__Exercise details__:
Transcribe everything in the listing as written, and let no image into the copy.

>>

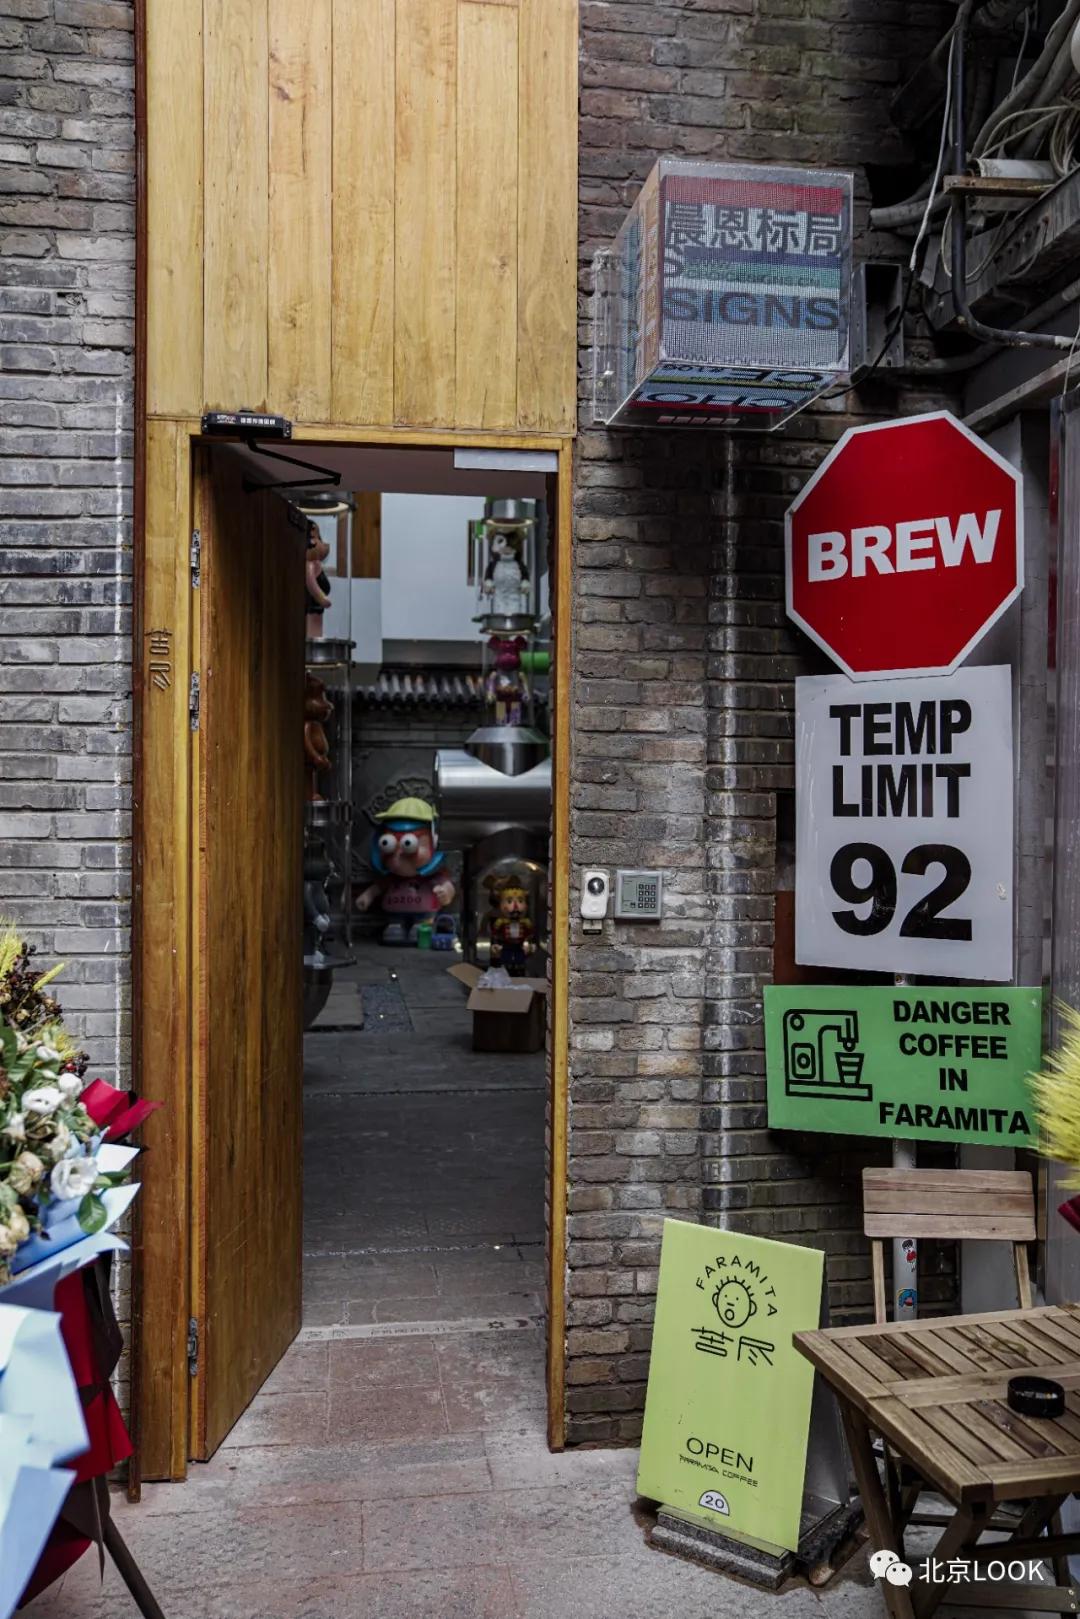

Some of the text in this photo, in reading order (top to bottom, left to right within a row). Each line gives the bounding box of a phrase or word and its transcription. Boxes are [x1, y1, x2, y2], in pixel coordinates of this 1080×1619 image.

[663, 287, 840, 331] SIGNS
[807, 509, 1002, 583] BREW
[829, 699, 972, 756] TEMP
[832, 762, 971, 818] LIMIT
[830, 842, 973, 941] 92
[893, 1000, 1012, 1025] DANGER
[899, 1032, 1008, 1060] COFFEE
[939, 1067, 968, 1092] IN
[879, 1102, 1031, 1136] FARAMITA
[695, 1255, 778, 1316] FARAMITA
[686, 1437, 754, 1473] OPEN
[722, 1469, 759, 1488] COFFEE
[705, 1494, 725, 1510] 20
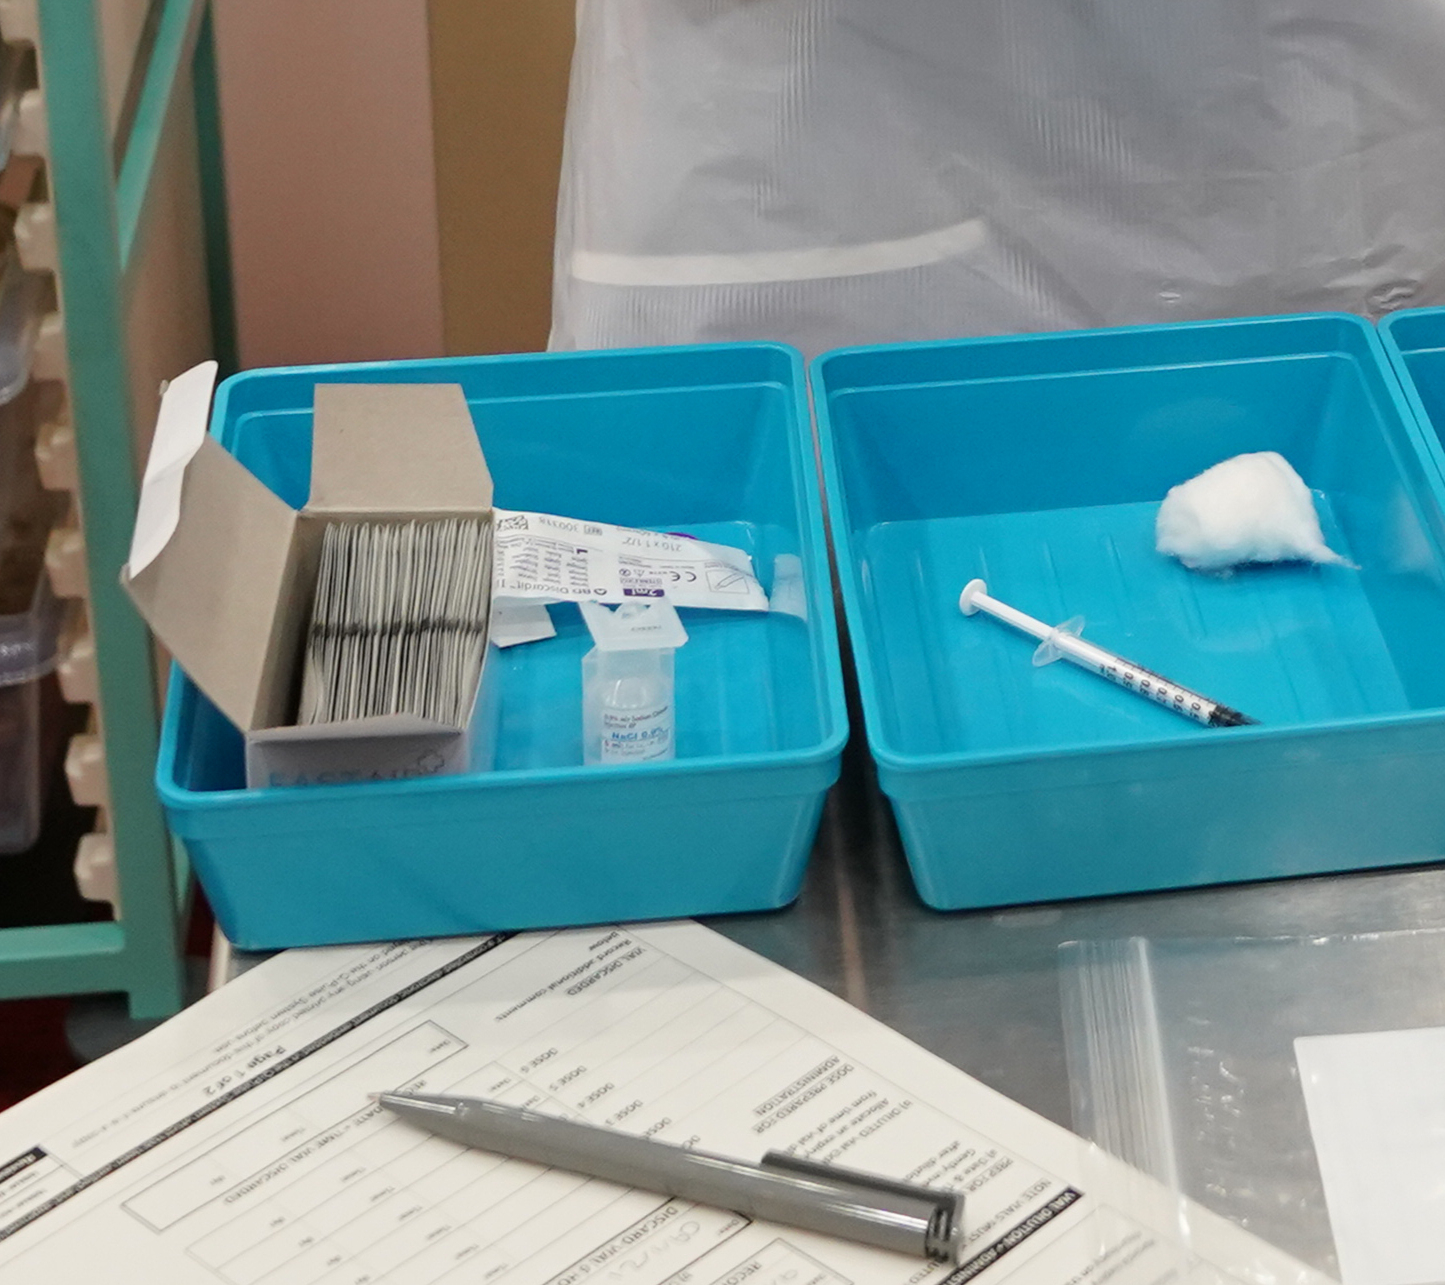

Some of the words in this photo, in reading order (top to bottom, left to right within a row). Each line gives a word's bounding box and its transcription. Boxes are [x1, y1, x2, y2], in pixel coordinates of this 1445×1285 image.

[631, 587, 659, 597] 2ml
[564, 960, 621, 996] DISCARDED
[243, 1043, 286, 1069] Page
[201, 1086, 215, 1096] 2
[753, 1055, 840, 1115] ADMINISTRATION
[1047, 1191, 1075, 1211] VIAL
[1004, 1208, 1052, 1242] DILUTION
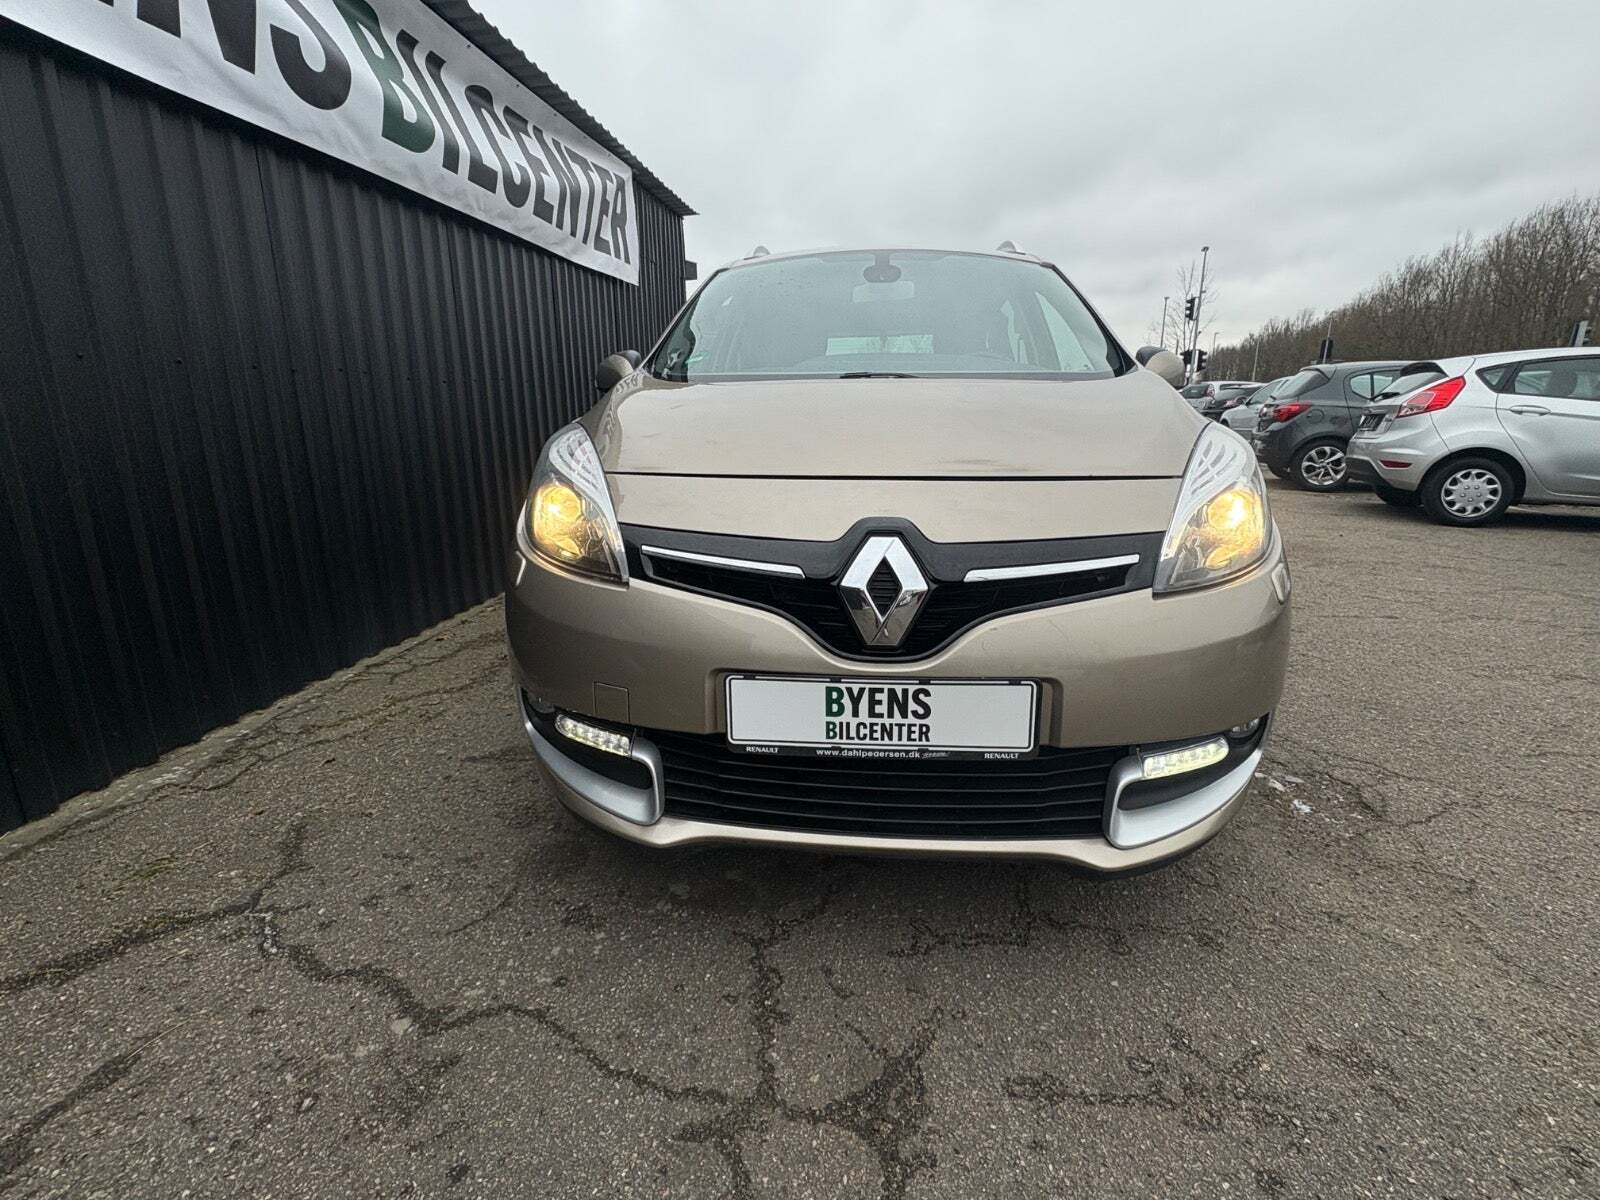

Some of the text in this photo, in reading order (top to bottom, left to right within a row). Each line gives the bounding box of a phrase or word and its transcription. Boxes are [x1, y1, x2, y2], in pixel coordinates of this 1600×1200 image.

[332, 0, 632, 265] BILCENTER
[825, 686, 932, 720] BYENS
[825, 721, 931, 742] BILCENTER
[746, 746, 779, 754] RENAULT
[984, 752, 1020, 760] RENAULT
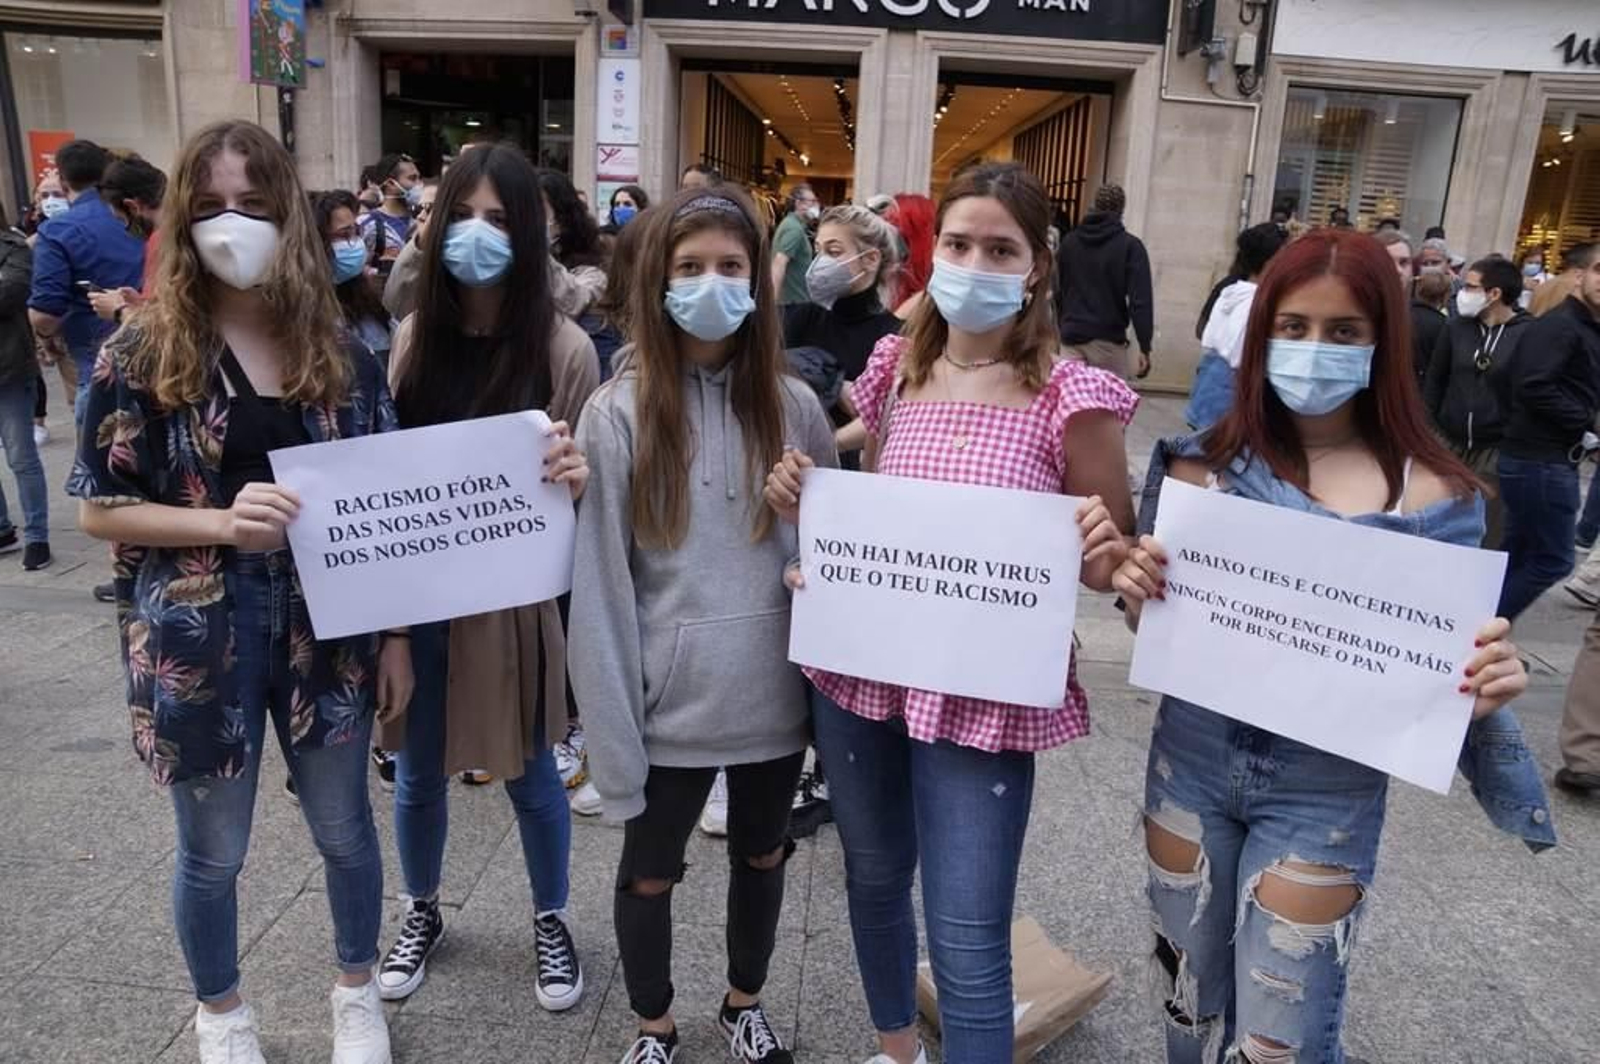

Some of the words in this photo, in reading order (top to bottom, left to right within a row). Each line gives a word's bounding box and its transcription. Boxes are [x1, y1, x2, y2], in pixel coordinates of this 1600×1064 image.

<<

__Written solution__:
Some of the text in this photo, in reading order (top to bottom, left to right within a row). Each line gives the bounding box of a phrase or word and its transcription. Boxes are [x1, y1, x2, y2], in pixel coordinates of this 1080×1619 image.

[663, 287, 840, 331] SIGNS
[807, 509, 1002, 583] BREW
[829, 699, 972, 756] TEMP
[832, 762, 971, 818] LIMIT
[830, 842, 973, 941] 92
[893, 1000, 1012, 1025] DANGER
[899, 1032, 1008, 1060] COFFEE
[939, 1067, 968, 1092] IN
[879, 1102, 1031, 1136] FARAMITA
[695, 1255, 778, 1316] FARAMITA
[686, 1437, 754, 1473] OPEN
[722, 1469, 759, 1488] COFFEE
[705, 1494, 725, 1510] 20

Some of the words in this photo, in reading order (top to bottom, left to right within a row). Each line gives a word's bounding box and its transcription. Boxes are [x1, y1, x2, y2], in pixel coordinates of this 1445×1285 image.

[631, 587, 659, 597] 2ml
[564, 960, 621, 996] DISCARDED
[243, 1043, 286, 1069] Page
[201, 1086, 215, 1096] 2
[753, 1055, 840, 1115] ADMINISTRATION
[1047, 1191, 1075, 1211] VIAL
[1004, 1208, 1052, 1242] DILUTION

Some of the text in this photo, in reading order (top to bottom, left to right within a row). Each line gives the bounding box of a phrase or word and its transcription. Boxes are [x1, y1, x2, y2], in pixel coordinates of this 1600×1200 image.

[332, 0, 632, 265] BILCENTER
[825, 686, 932, 720] BYENS
[825, 721, 931, 742] BILCENTER
[746, 746, 779, 754] RENAULT
[984, 752, 1020, 760] RENAULT

Some of the words in this photo, in reading order (top to bottom, left to right within a row). Each line gives a word's bounding box and its transcription. Boxes are [x1, y1, x2, y2], in pixel coordinates of this 1600×1064 image.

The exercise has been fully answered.